Many porters say their fathers did this same work, yet none want their own sons to follow in their footsteps. For four years, Han has spent all of his 10,000-yuan, or $1,200, annual salary from his porter job to pay for his son’s university studies in engineering. The rest of the family have lived off the harvests of wheat and sweet potato from their nearby farm and the profits from selling off a few pigs.

Said Han, a reedy, soft-spoken man: “At least my son lives in a modern world.”

On a recent day, Han worked with a team of five other men to carry a loaded oil drum from the mountain’s Middle Gate to Heaven Street. The 2,000-foot climb was normally a job for eight, but the porters know they can earn more by using fewer men.

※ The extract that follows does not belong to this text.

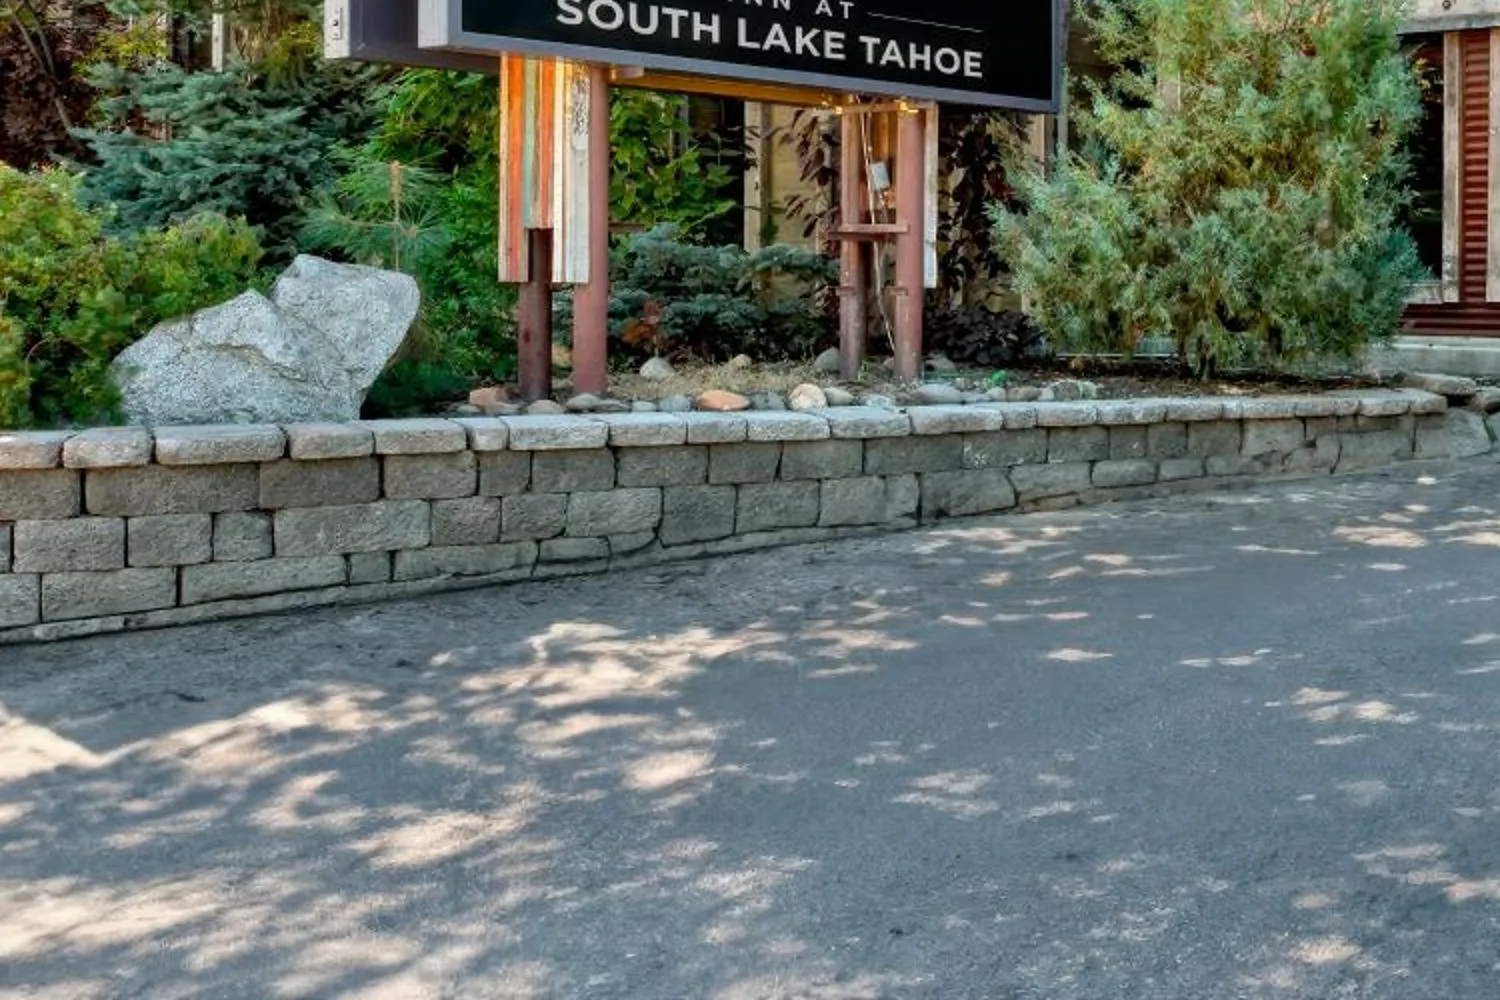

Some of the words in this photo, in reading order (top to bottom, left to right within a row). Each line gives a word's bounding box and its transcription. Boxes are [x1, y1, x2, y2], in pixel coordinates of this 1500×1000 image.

[815, 0, 855, 19] AT
[737, 16, 846, 61] LAKE
[859, 35, 983, 79] TAHOE

Scores of freelance porters not part of Zhao’s team hoist lighter loads along the entire five-mile path from downtown Taian clear to the 5,000-foot peak. But Zhao’s group handles most of the bulkiest and heaviest loads, working the steepest two-mile, 4,000-step section from the Middle Gate to the top. The cargo is delivered to the mountain’s midsection -- where the road ends -- by truck.

On their ascent, the first of two that day, they passed healthy young men and women using canes to aid their climb. They grunted at the slow-movers, camera-toting tourists who often glared as if the porters’ jostling had ruined a good snapshot.

The porters silently endure such disrespect. Chao Jing Sun, 48, who has been a porter since the late 1970s, said tourists ignore requests not to take his picture without permission. He’s also weary of the same question asked time and again: “How much do you make? I wouldn’t do your job for a thousand yuan.”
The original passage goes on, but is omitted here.